Retype the entries below exactly, dropping the images.
- - - -
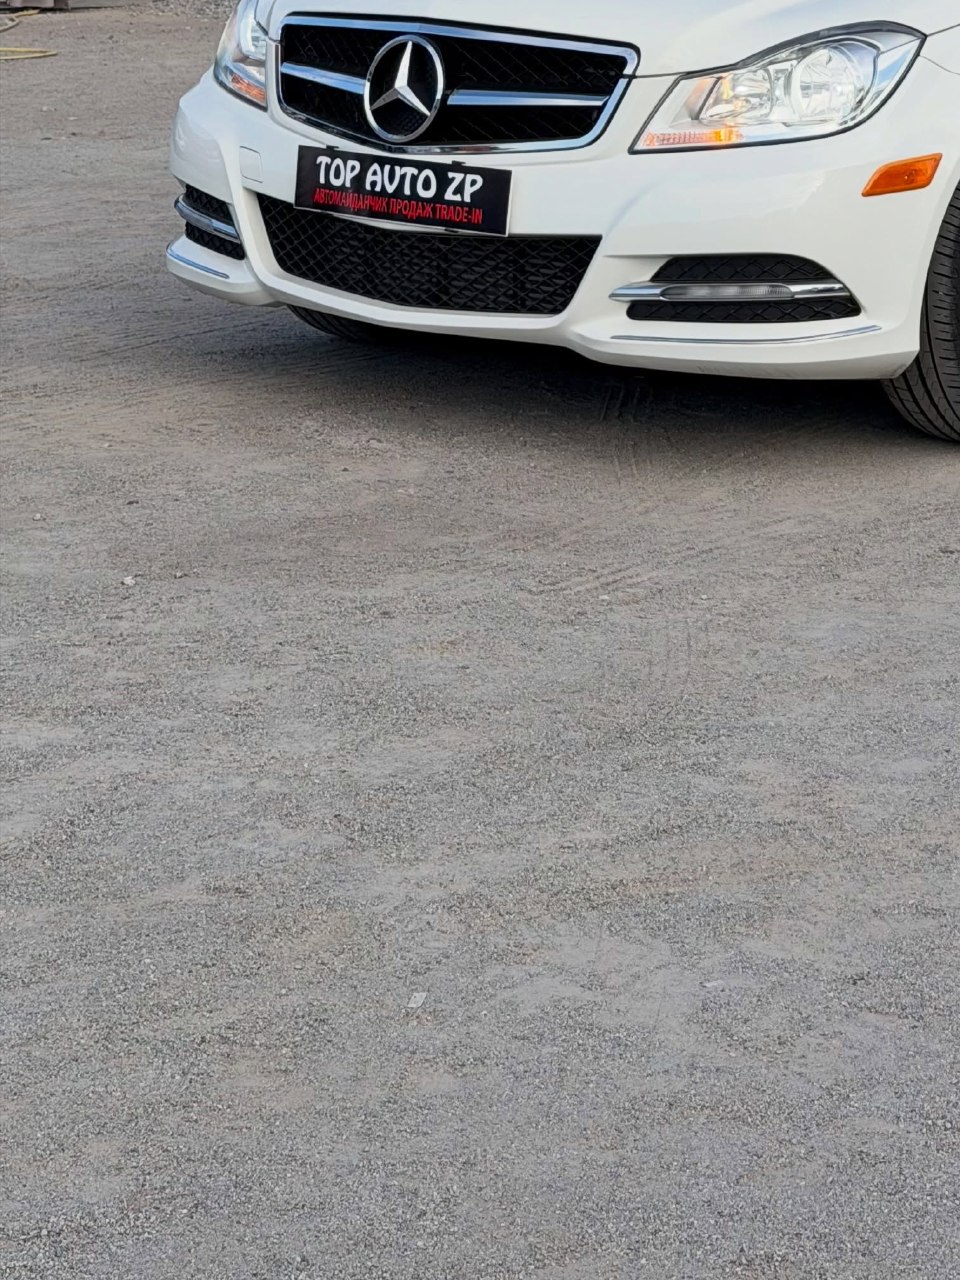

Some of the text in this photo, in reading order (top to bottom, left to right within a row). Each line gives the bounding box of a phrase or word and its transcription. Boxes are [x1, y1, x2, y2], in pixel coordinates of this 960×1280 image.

[316, 155, 361, 188] TOP
[444, 171, 483, 203] ZP
[313, 187, 483, 224] АВТОМАЙДАНЧИК ПРОДАЖ TRADE-IN
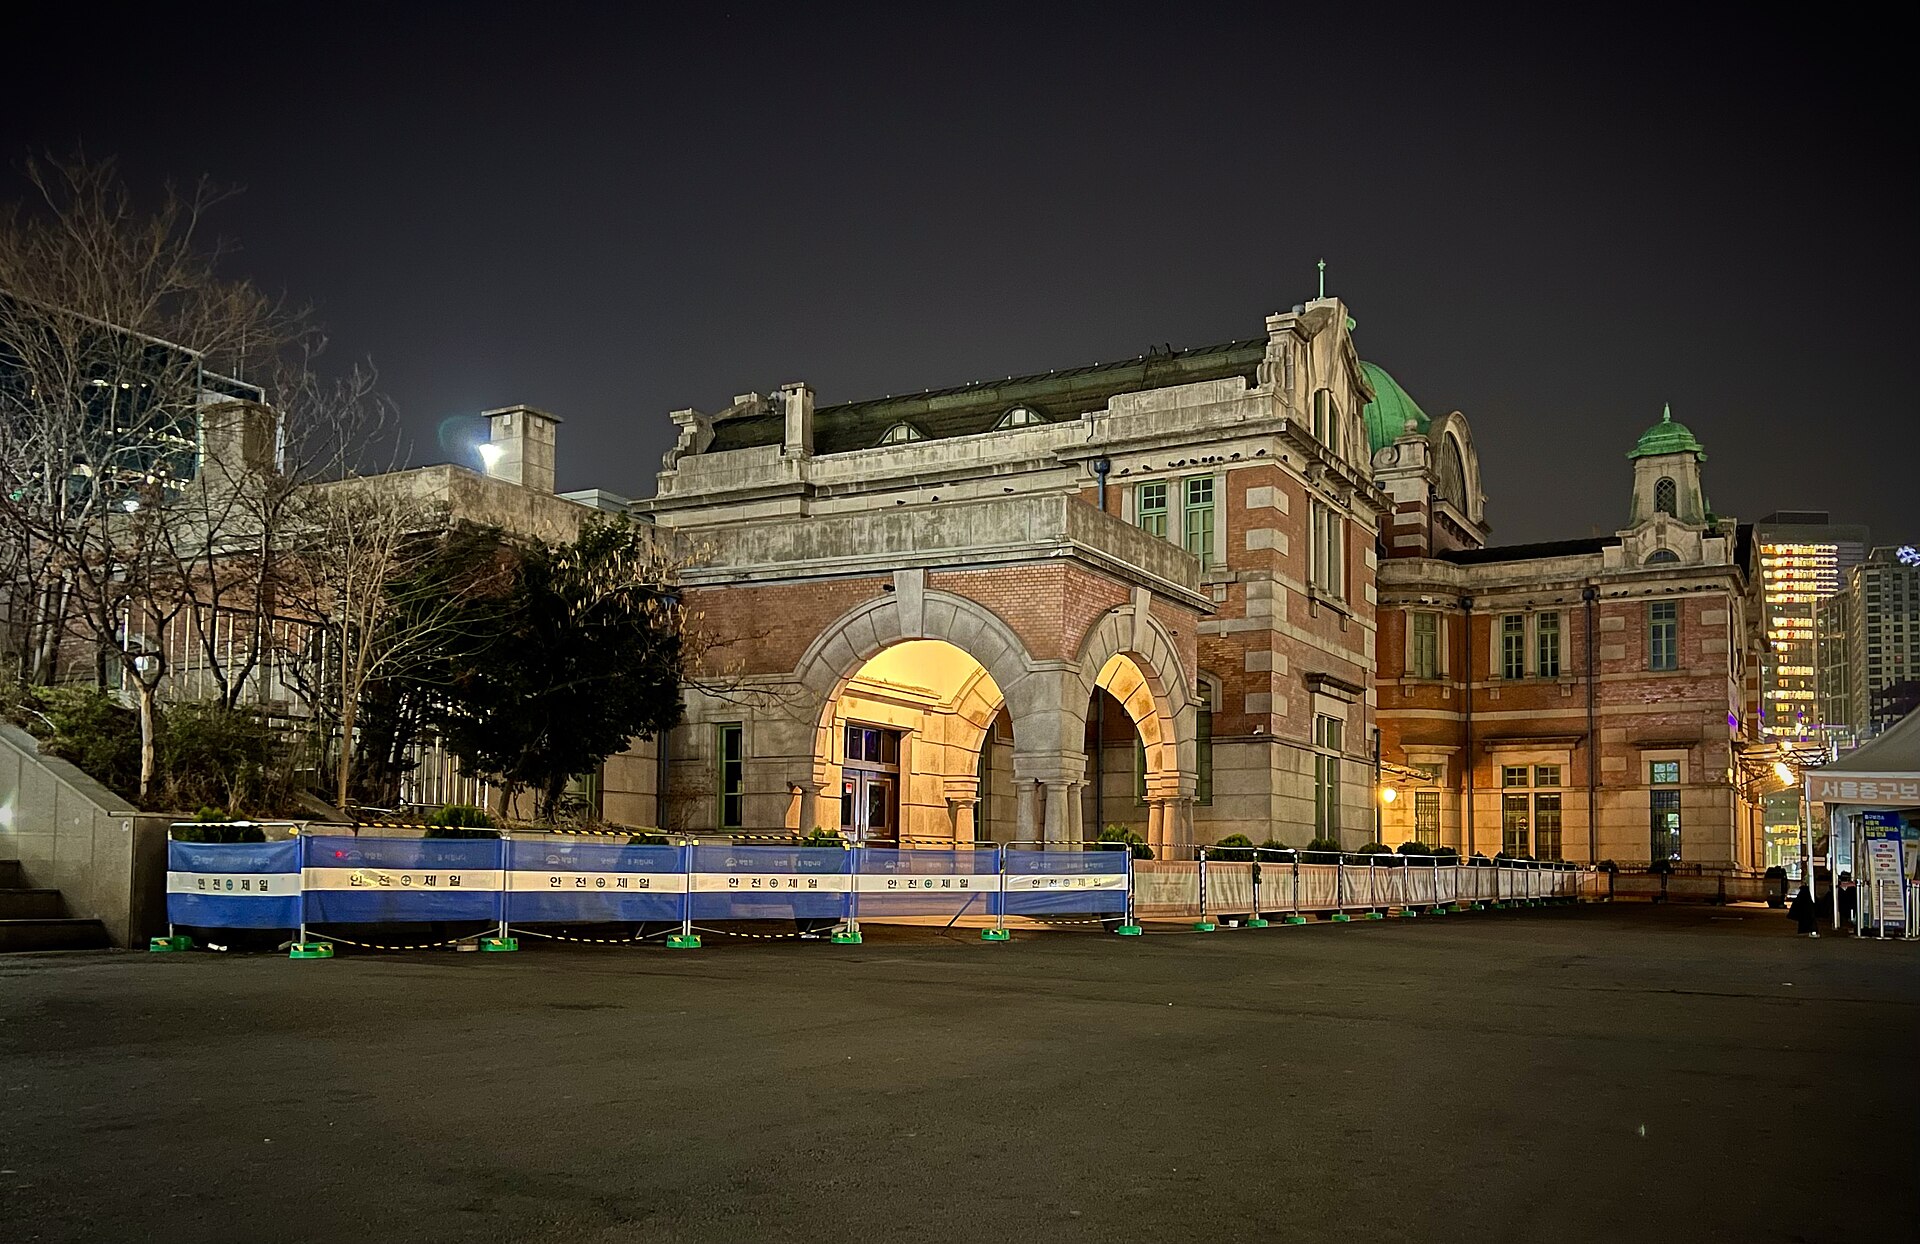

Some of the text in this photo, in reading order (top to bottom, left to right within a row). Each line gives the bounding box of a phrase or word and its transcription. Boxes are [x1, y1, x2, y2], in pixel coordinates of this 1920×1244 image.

[1821, 781, 1919, 800] 서울중구보
[241, 879, 268, 891] 제일
[423, 875, 461, 887] 제일
[550, 876, 650, 889] 안전 제일
[728, 877, 818, 889] 안전 제일
[887, 879, 969, 889] 안전 제일
- - - -
• WORKED SOLUTION:
Some of the text in this photo, in reading order (top to bottom, left to right within a row). Each line gives the bounding box of a phrase or word and its transcription. Boxes are [x1, y1, x2, y2], in pixel coordinates of this 960×1280 image.

[316, 155, 361, 188] TOP
[444, 171, 483, 203] ZP
[313, 187, 483, 224] АВТОМАЙДАНЧИК ПРОДАЖ TRADE-IN

Some of the text in this photo, in reading order (top to bottom, left to right within a row). Each line gives the bounding box of a phrase or word and its transcription. Boxes are [x1, y1, x2, y2], in pixel coordinates of this 1920×1244 image.

[1821, 781, 1919, 800] 서울중구보
[241, 879, 268, 891] 제일
[423, 875, 461, 887] 제일
[550, 876, 650, 889] 안전 제일
[728, 877, 818, 889] 안전 제일
[887, 879, 969, 889] 안전 제일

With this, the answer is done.